Any level of writer can improve the quality of their work by receiving notes and support from a seasoned professional. Grab your idea, sign up for a class, and finally get that script finished!
“It’s not what you know, it’s who you know.” Networking is essential to a successful career. Just because you live outside of Hollywood doesn’t mean you can’t access industry insiders.
Online screenwriter communities are critical to expand your network. Meet screenwriters and gain access to industry pros at Twitter’s free weekly screenwriter chat, Scriptchat. All you need is a Twitter account to participate.
Once on Twitter, follow ScriptMag for industry news and screenwriting tips, as well as on Facebook, and Instagram. The ability to reach a wider audience can be as simple as tweeting and commenting on Facebook posts. Don’t undervalue the ability of social networking to expand your network in “real life.”

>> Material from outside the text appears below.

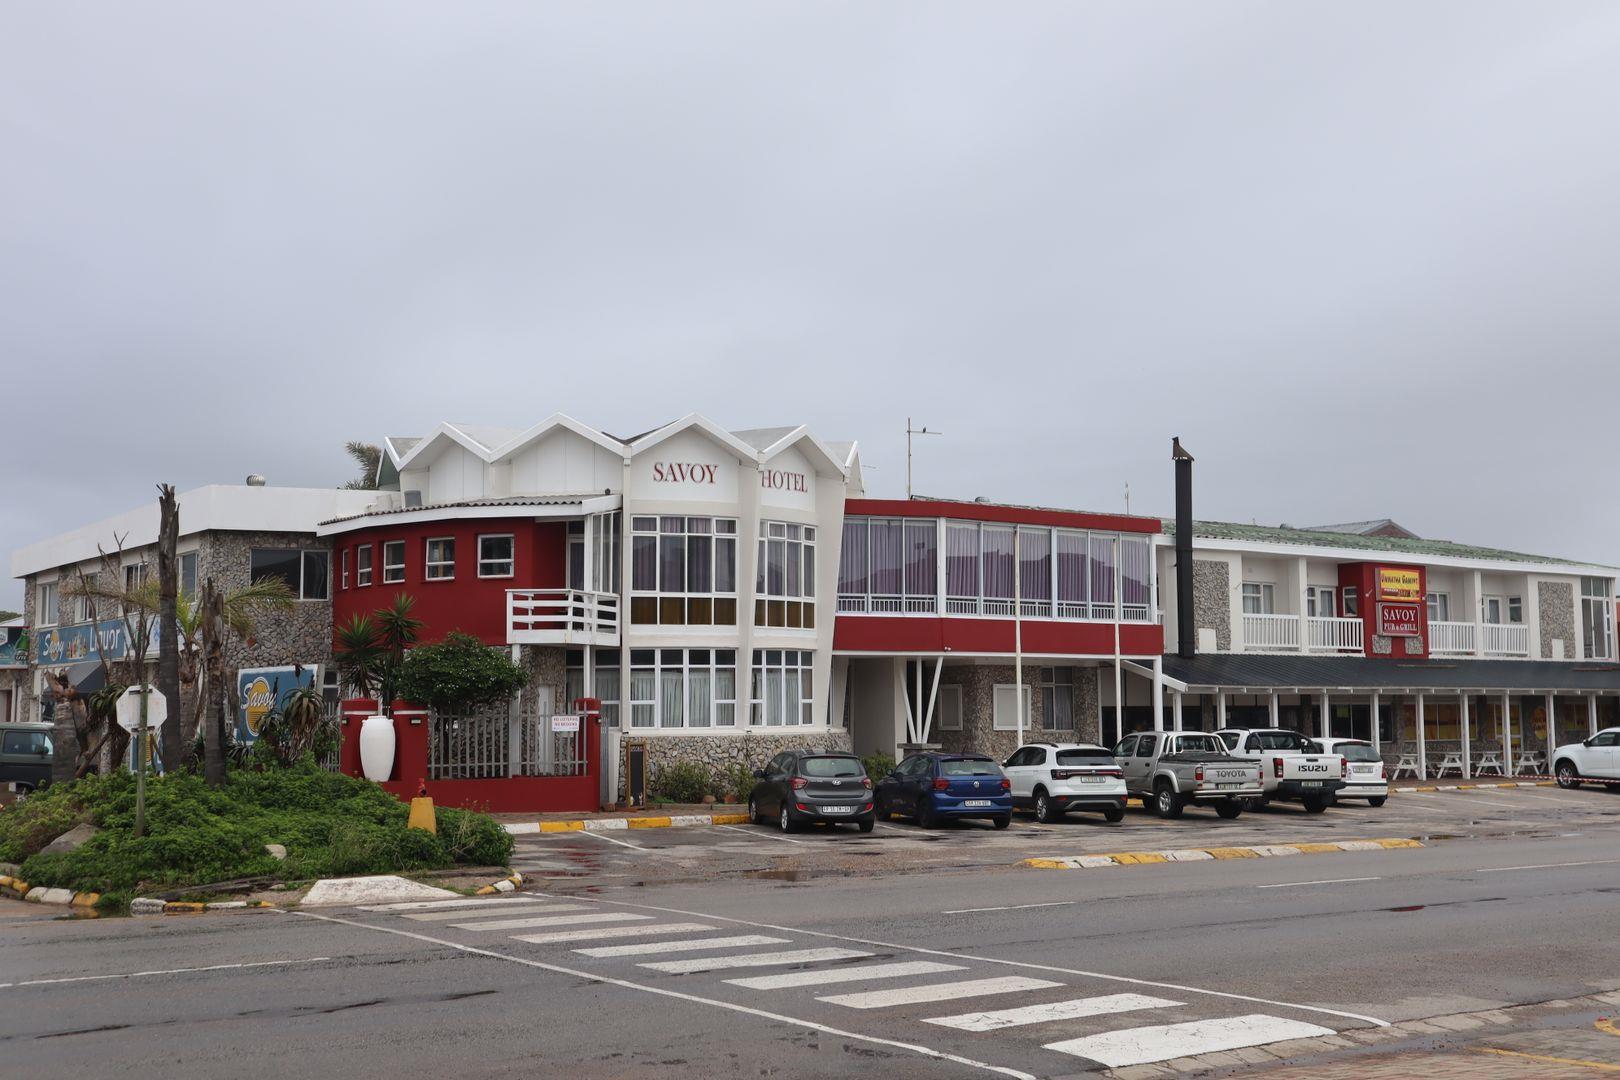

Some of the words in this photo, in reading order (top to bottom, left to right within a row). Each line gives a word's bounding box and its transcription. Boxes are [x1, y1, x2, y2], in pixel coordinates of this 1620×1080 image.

In order to solidify your online connections, it’s important to make trips to L.A. to meet your “friends” and “followers” in person. Maximizing your trips by scheduling meetings around conferences and pitchfests, such as Writer’s Digest Conference, will strengthen your relationships and help you advance your career faster. Not only will you have an opportunity to connect with writers, but you’ll also be able to take classes and pitch your script to executives. There’s no better way to get your work read and your writing noticed than to attend a screenwriting conference.
Don’t be shy. Reach out to people online and in person. You’ll triple your reach in no time.